In many countries - Ukraine, Poland, the same Bulgaria - one of the obligatory traditions of the Easter holiday is pouring water on each other. Guys throw out full buckets on the girls they like, friends wish each other health in such an original way, and passers-by who accidentally get into the shower get a charge of cheerfulness and good mood. After all, you cannot take offense at the old custom!

Note! In Europe and America, the main hero of the holiday is the Easter Bunny, almost unknown in Russia. According to legend, it is he who lays chocolate eggs in the garden, which the children then look for.
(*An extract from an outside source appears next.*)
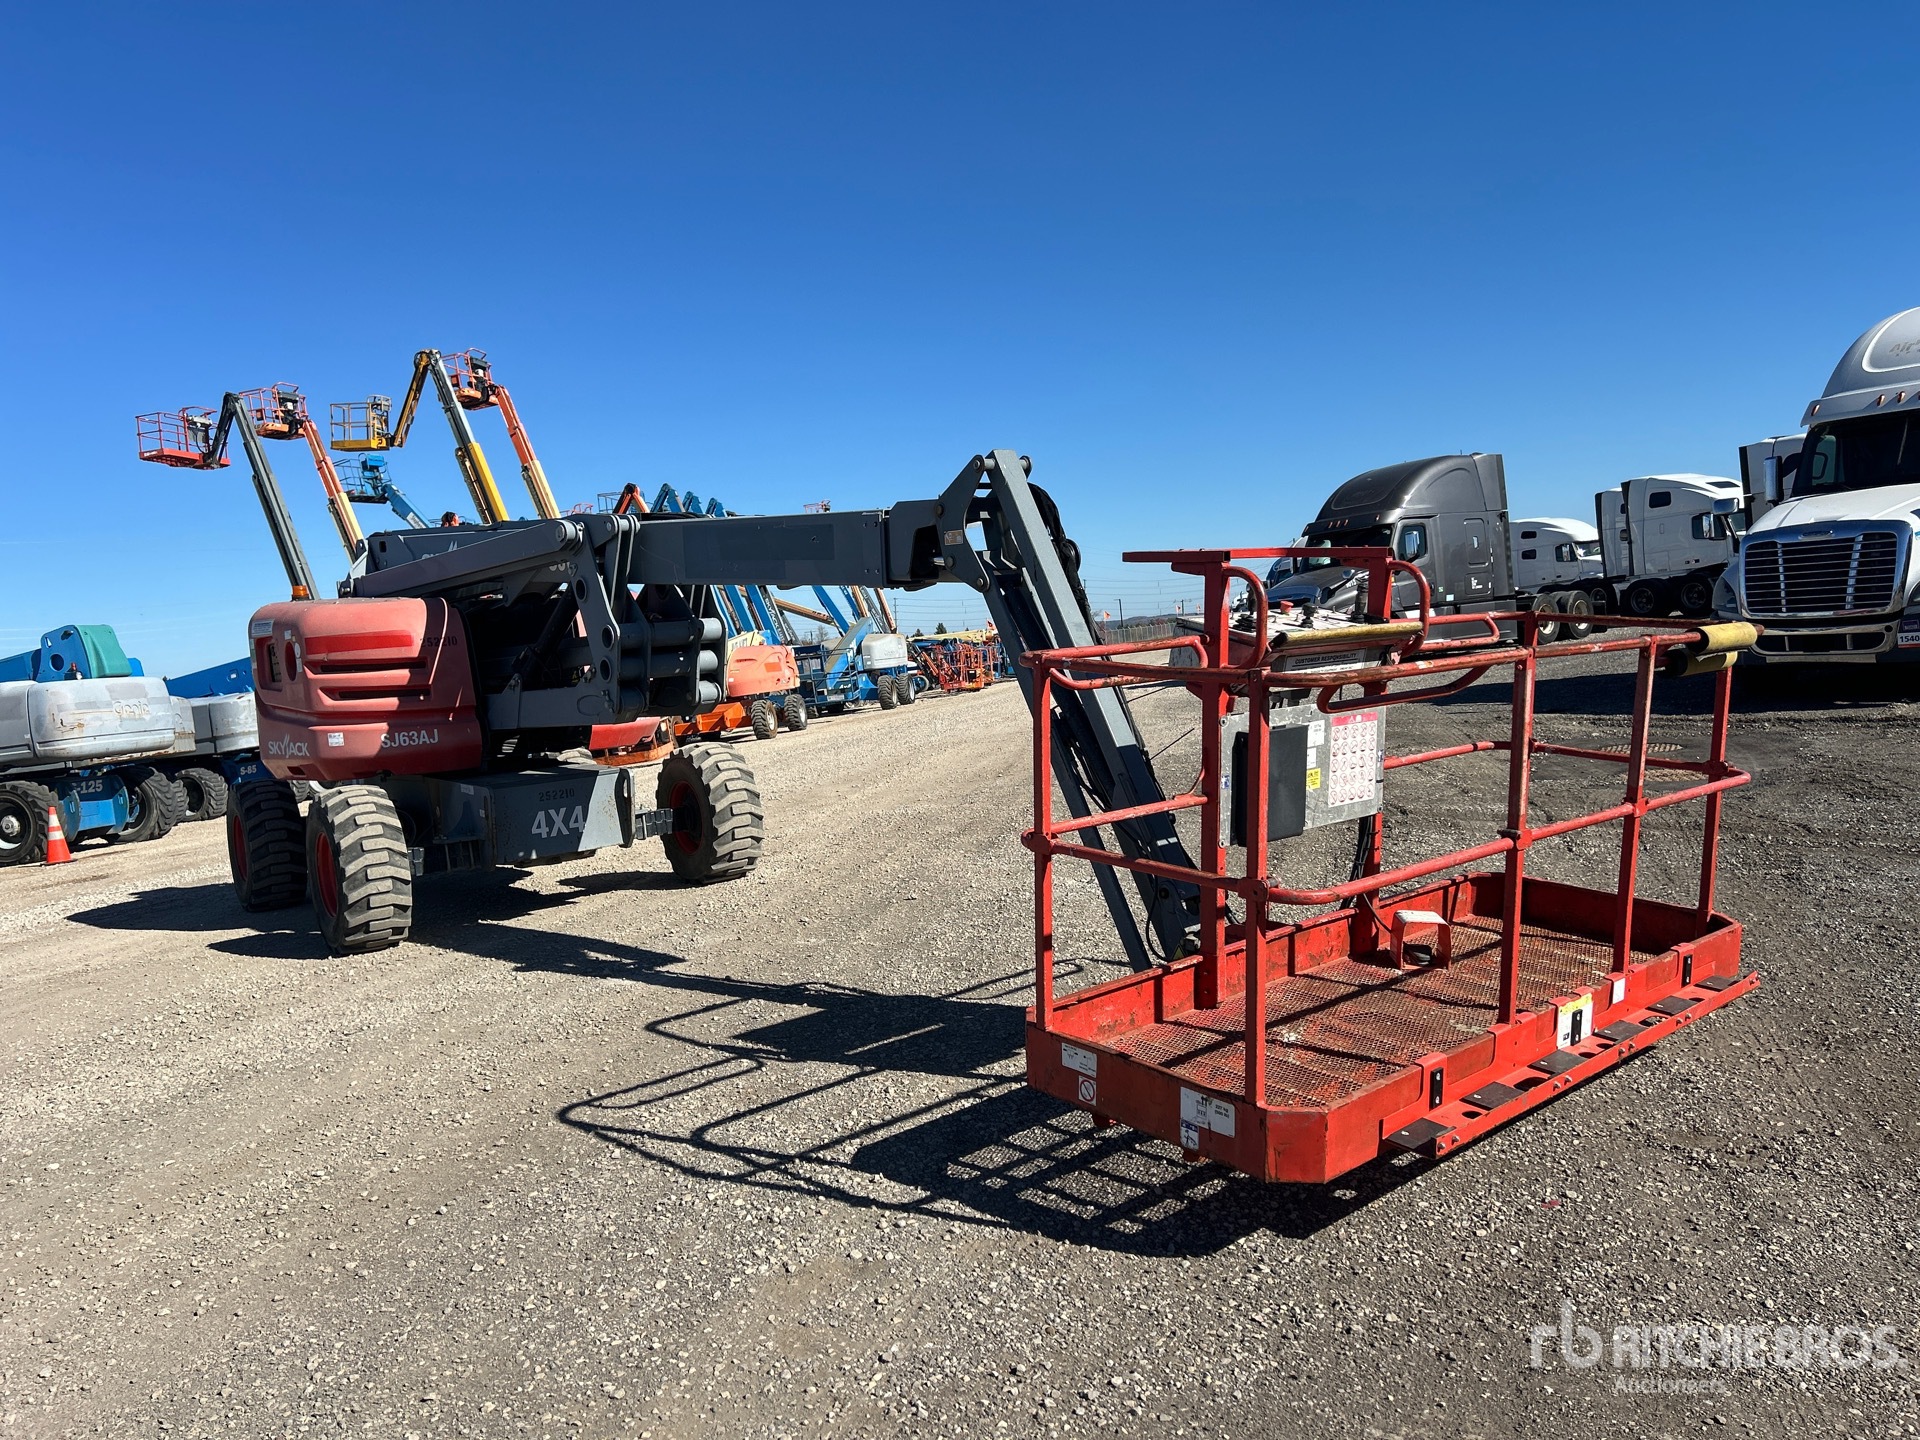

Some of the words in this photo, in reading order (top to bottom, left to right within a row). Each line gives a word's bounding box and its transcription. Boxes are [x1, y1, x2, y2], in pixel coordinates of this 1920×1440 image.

Traditional food for Easter

What to cook for Easter

For every believing family, Easter traditions provide for a fun feast with loved ones. And what exactly ends up on the table depends on the customs of the country.

Easter Treats:

  1. It goes without saying that in Russia things are not complete without a cake with a white frosting hat and Easter cottage cheese with raisins and candied fruits.
  2. In Romania, the cake was called a kozunak, they gave it a different shape and came up with a variety of delicacies from dried fruits to fruit puree.
  3. The Italian kulich kulich resembles a very conventional pigeon outlines. Inside, it hides cream, chocolate or other filling, and on the outside it pleases the eye with glaze with almond petals.
  4. The Spaniards have a simpler approach. Torrijas, soaked in wine or milk with spices and fried in a pan, became their favorite sweet Easter dish long ago. Moreover, they eat torrijas throughout Holy Week until the date of the celebration of Easter.
  5. In Poland, they selflessly enjoy a shortbread cake called mazurka. Inside it has a delicate filling of plums, apples or citrus fruits with chopped nuts, and outside - deposits of white powdered sugar.
  6. The French prefer rosy chicken cooked with Provencal herbs, beans and potatoes to sweets.
  7. In Greece, they break the fast with a rich soup of lamb giblets, herbs and lemon dressing.
  8. In Germany, most of the lambs remain unharmed, since their place on the table is taken by a sweet cake in the form of a sacrificial lamb. And he is accompanied by long-eared cookies and chocolate bunnies.
  9. In Malta, funny figolli figurines are baked from shortcrust pastry. They are stuffed with marzipans and richly decorated.
  10. Lebanese friable Maamul biscuits are made from semolina or semolina, stuffed with dates or other dried fruits and eaten with tea.
  11. The Finns are the most original. Their main festive dish was not meat or sweet pastries, but mämmi porridge made from rye flour and malt. It is cooked in the oven for several hours and then eaten with heavy cream. True gourmets add vanilla ice cream.

How Easter is celebrated - watch the video:

The time of Easter is approaching - a joyful, jubilant holiday; each year bringing to the world renewed hope for salvation and eternal life. Even unbelieving people often feel better on this day, and it begins to seem that everything will certainly be fine. Try to capture the spirit of the holiday and keep it in yourself - and then who knows what miracles you will be capable of over the next 12 months? It is not for nothing that they say that dreams made for Easter come true.